# **Metabolomics Data Visualisation Workflow for ANN-SS (MD-CG) [W/ SMOTE]**

This Google Colab notebook describes the metabolomics data analysis and visualisation workflow for a 2 layer artificial neural network with layer 1 consisting of multiple neurons (n = 2 to 6) with a sigmoidal activation, and layer 2 (output layer) consisting of a single neuron with a sigmoidal activation function (ANN-SS) for a binary classification outcome.

This computational workflow is described using a previously published LC-MS dataset by Sinclair et al. (2021). The study compared the metabolomic profiles across Parkinson's disease patients, characterised as medicated (MD; n=138) and drug-naive (DN; n=80), versus control (CG; n=56) using 8765 named metabolites. For the purpose of this computational workflow, only the MD vs CG samples were compared in a binary discriminant analysis. The deconvolved and annotated data from this study is deposited on Metabolomics Workbench (Study ID: MTBLS2266).
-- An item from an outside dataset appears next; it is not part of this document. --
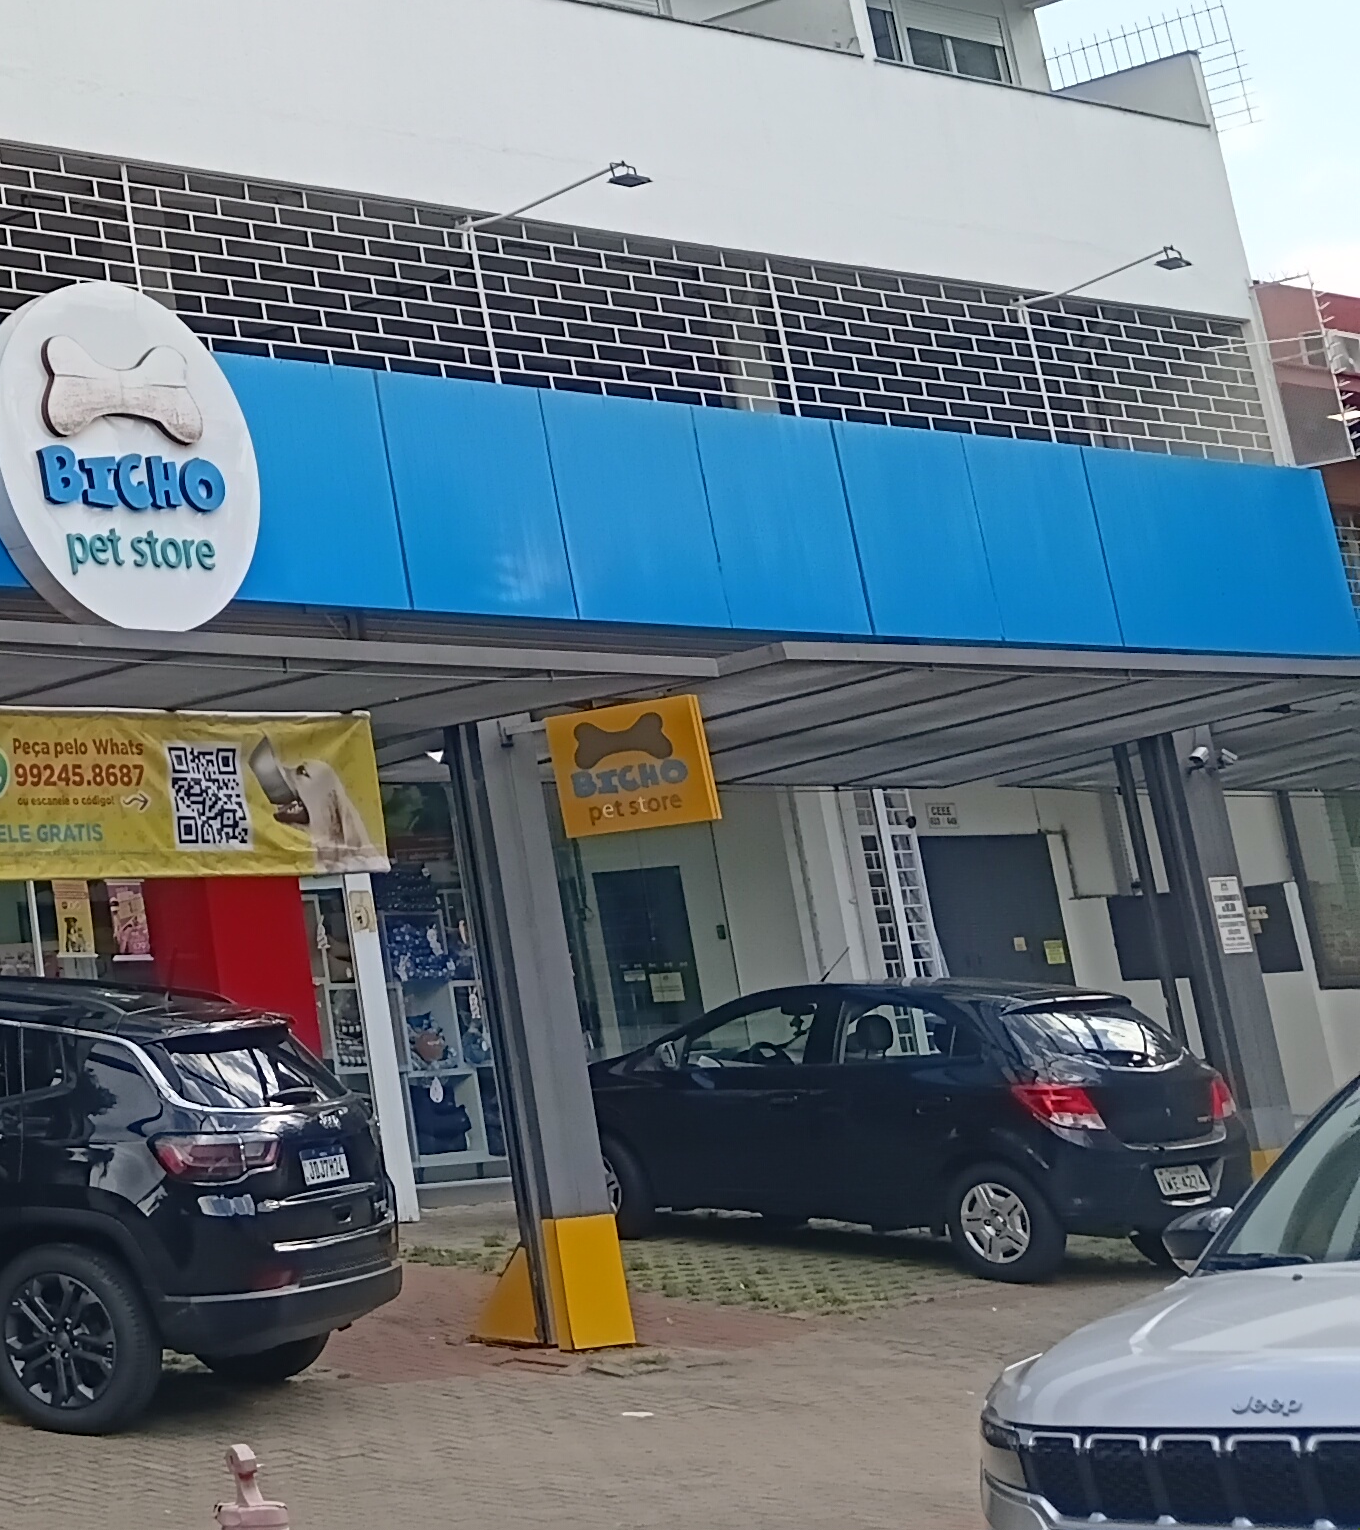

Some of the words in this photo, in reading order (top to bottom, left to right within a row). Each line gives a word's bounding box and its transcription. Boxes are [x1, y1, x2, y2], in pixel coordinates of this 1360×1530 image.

This computational workflow requires a dataset to be in, or converted to, a previously described standardised Excel file format (Mendez et al. 2019). This format uses the Tidy Data Framework (Wickham, 2014), where each row represents an observation (e.g. sample) and each column represents a variable (e.g. age or metabolite). Each excel file (per study) contains two sheets; a data sheet and a peak sheet. The data sheet contains the metabolite concentration together with the metadata associated for each observation (requiring the inclusion of the columns: Idx, SampleID, and Class). The peak sheet contains the additional metadata that pertains to the metabolites in the data sheet (requiring the inclusion of the columns: Idx, Name, and Label). The standardisation of this format allows for the efficient re-use of this computational workflow.

The steps included in this data analysis and visualisation workflow are:
1. Import Packages 
2. Load Data and Peak Sheet
3. Data Pre-processing
4. Split Data into Train and Test Set
5. Hyperparameter Optimisation
6. Build Model and Evaluate
7. Permutation Testing
8. Bootstrap Resampling of the Model
9. 

# Section 1 - Import Packages

Certain packages need installing onto the virtual environment prior to use.
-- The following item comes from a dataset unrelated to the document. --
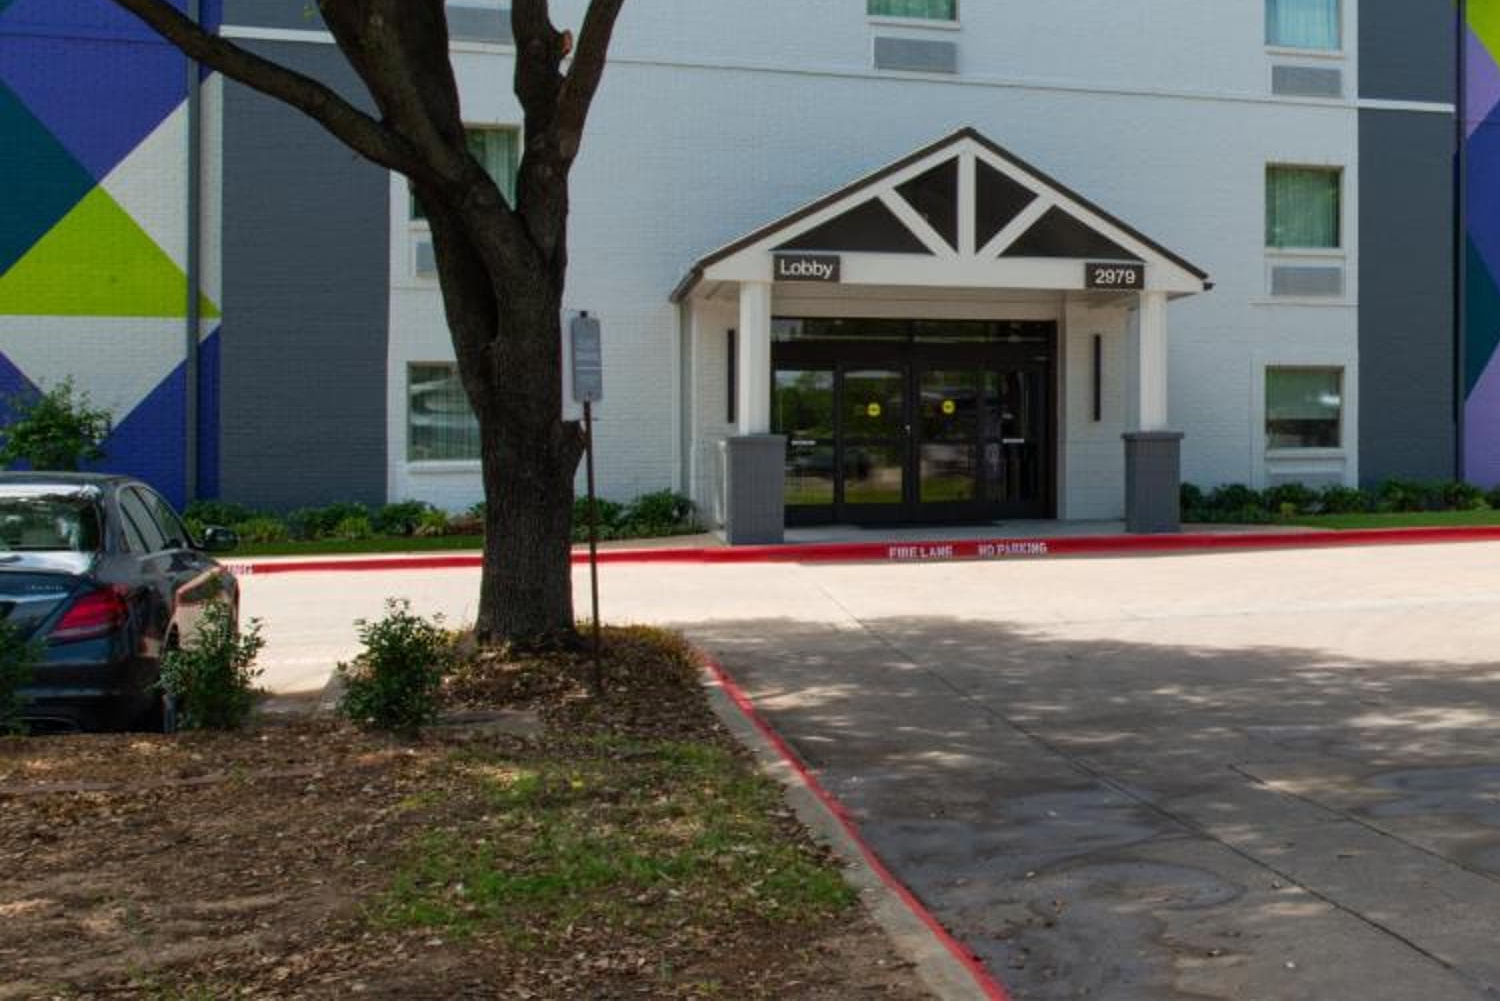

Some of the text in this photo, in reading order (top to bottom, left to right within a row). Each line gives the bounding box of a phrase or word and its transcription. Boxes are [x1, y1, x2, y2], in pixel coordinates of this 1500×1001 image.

[780, 259, 833, 279] Lobby
[1095, 269, 1136, 284] 2979
[889, 546, 918, 559] FIRE
For this computational workflow the CIMCB package was installed using pip, CIMCB requires:

*   Python (>=3.5)
*   Bokeh (>=1.0.0)
*   Keras
*   NumPy (>=1.12)
*   SciPy
*   scikit-learn
*   Statsmodels
*   TensorFlow
*   tqdm



In [1]:
pip install cimcb

Looking in indexes: https://pypi.org/simple, https://us-python.pkg.dev/colab-wheels/public/simple/
Collecting cimcb
  Downloading cimcb-1.1.0-py3-none-any.whl (150 kB)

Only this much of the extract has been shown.